OK, but you love her. And maybe she's young and immature and thinks this is all just fun and games and "nobody is really being hurt" - somehow not realizing that by lying and cheating she IS causing huge harm to the relationship, and that it is causing a serious harm in the 'relationship atmosphere' between you two - that she is capable of lying to you. And by taking time, attention and affection away from you and laying it on these other guys she is in essence neglecting you - you're not getting this affection or attention that is *supposed* to be yours.

So anyway it definitely has to be addressed quickly and she really has to *understand* on her own why what she's doing is so harmful. If she needs you to explain it to her, she's not mature enough to get married. If she stalks off upset because you "caught her", she's not even mature enough to date yet.

One way to handle it is to find a marriage counsellor - lots of them do pre-nup work. Talk to the therapist first and say that you know your fiance is cheating and that you want to have a pre-nup talk about trust and honesty that doesn't directly accuse her, but that sort of has a "third person" talk about WHY it's so key. Hopefully if you three have a serious discussion on trust, she will fess up on her own. You could just tell your fiance that you heard it was a great idea to do a prenup as you go through the wedding preps, so you both have your heads on straight, and then go into this trust discussion.

If she's able to baldly lie to you after that, I'd really worry about her. And if she did come through it and continued to lie I'd tell her you knew. At that point she'd know why it was bad, that she had kept it up and either she stops or the relationship won't work.

It's not just about these guys and cheating. It's about her whole view of you and the relationship. If she doesn't respect you and treat you honestly, it is going to affect EVERYTHING she does. It's part of her "world view" of the relationship - and it will seep into everything. And if you're always being used, it will poison your attitude towards her. And believe me, you don't want to be married to someone that all of this happening around.

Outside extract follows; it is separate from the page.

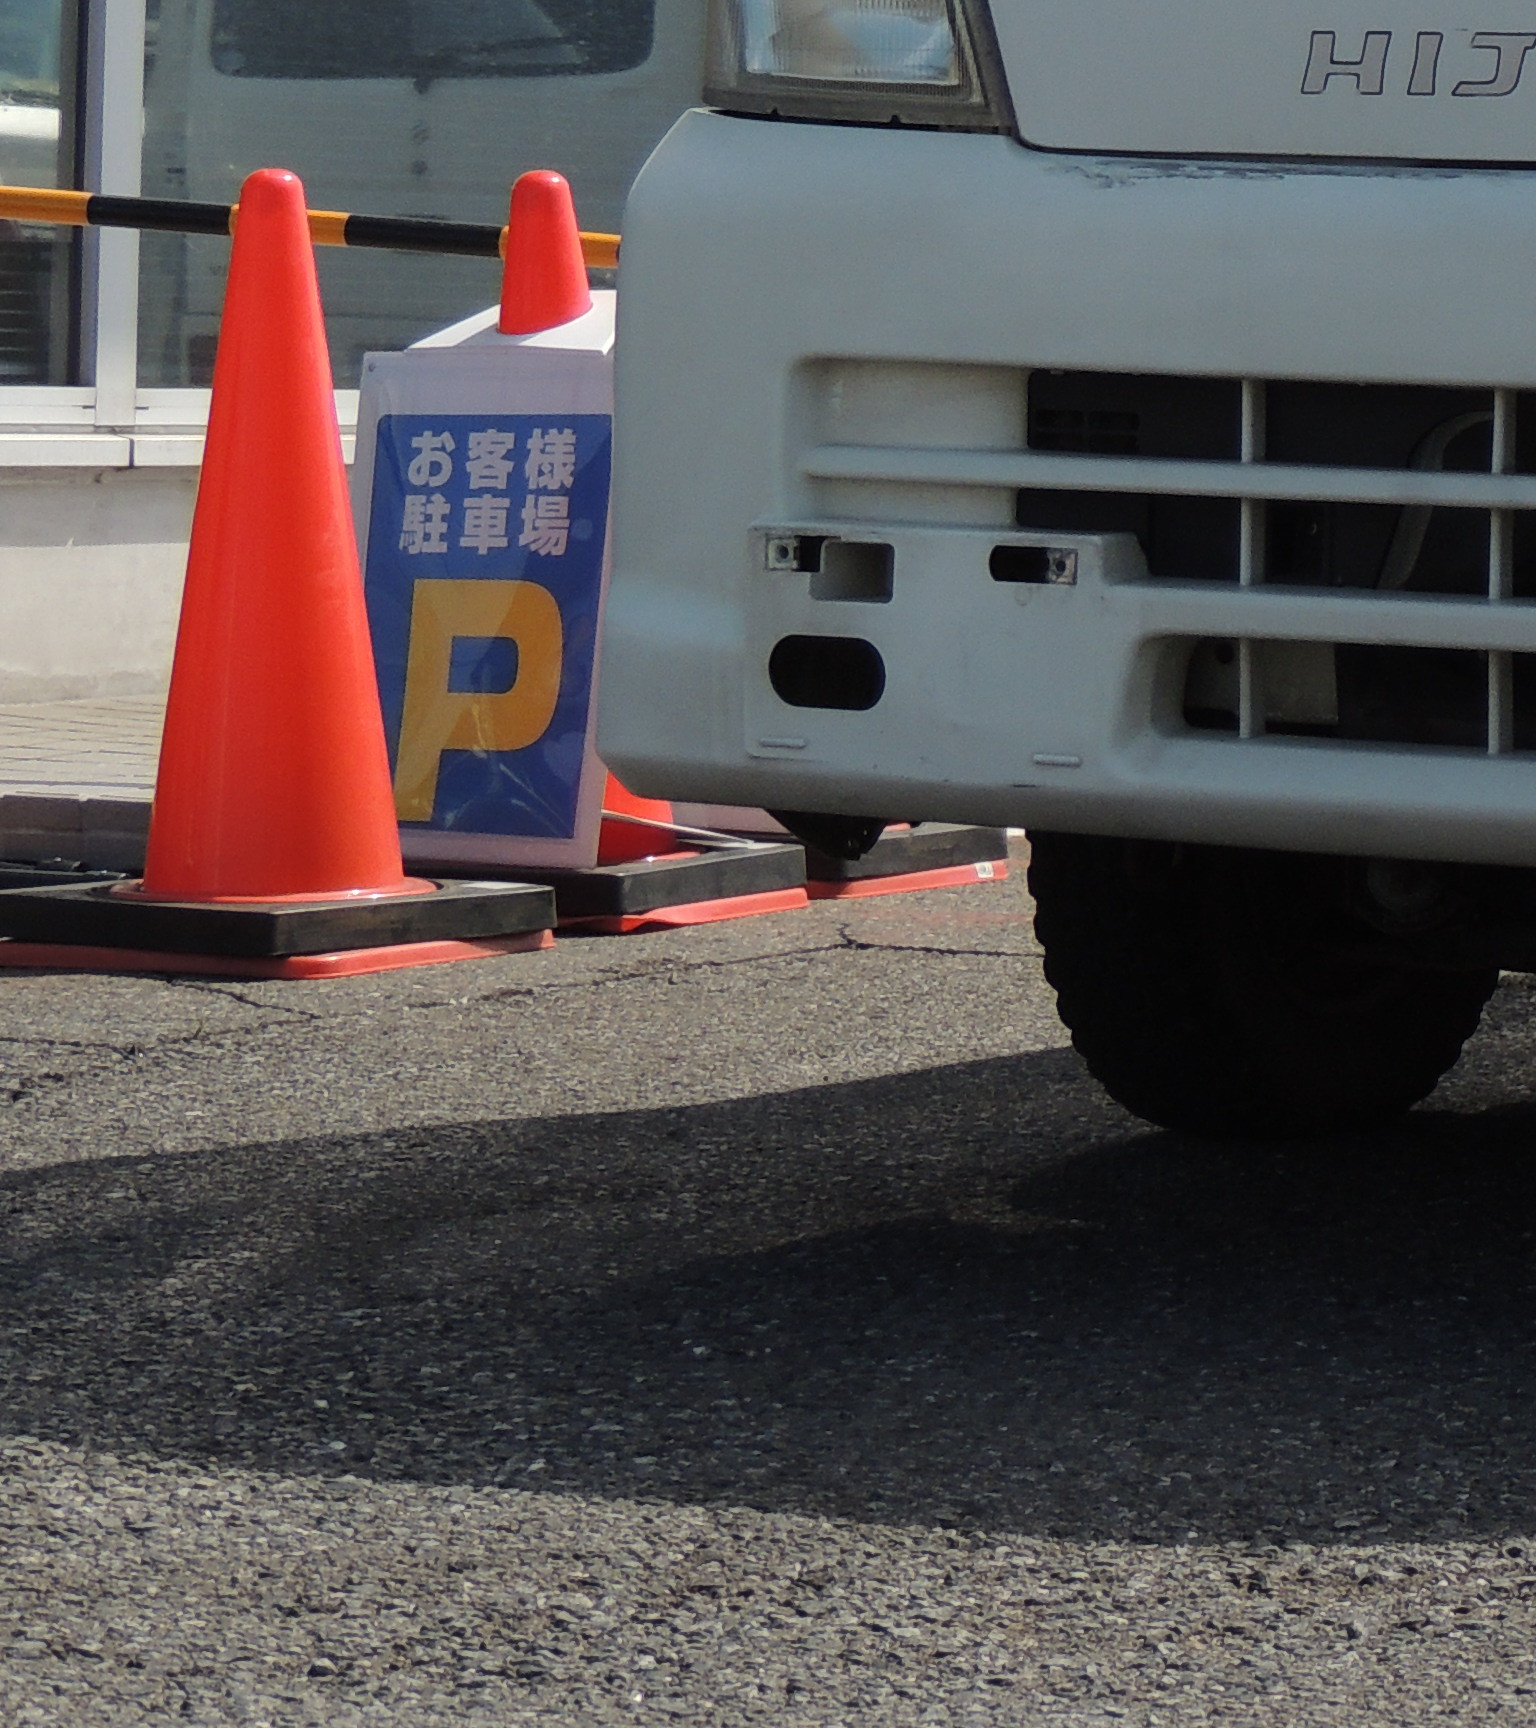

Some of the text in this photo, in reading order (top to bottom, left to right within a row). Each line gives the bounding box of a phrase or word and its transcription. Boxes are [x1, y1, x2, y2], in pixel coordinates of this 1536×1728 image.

Take the steps now. Honesty is KEY. Her lying continually is very SELFISH - she wants to have her fun, and not get caught. She's thinking about HER pleasure and figures her 'leftover feelings' are more than enough for you. You deserve ALL of her, just as she deserves ALL of you. Right now she doesn't care if she leaves you behind and lonely while she uses her happiness and passion on other guys. That is simply completely unfair. You're not her maid to be there when *she* wants you and to just sit there waiting for her when she feels like going and playing elsewhere. That's not love.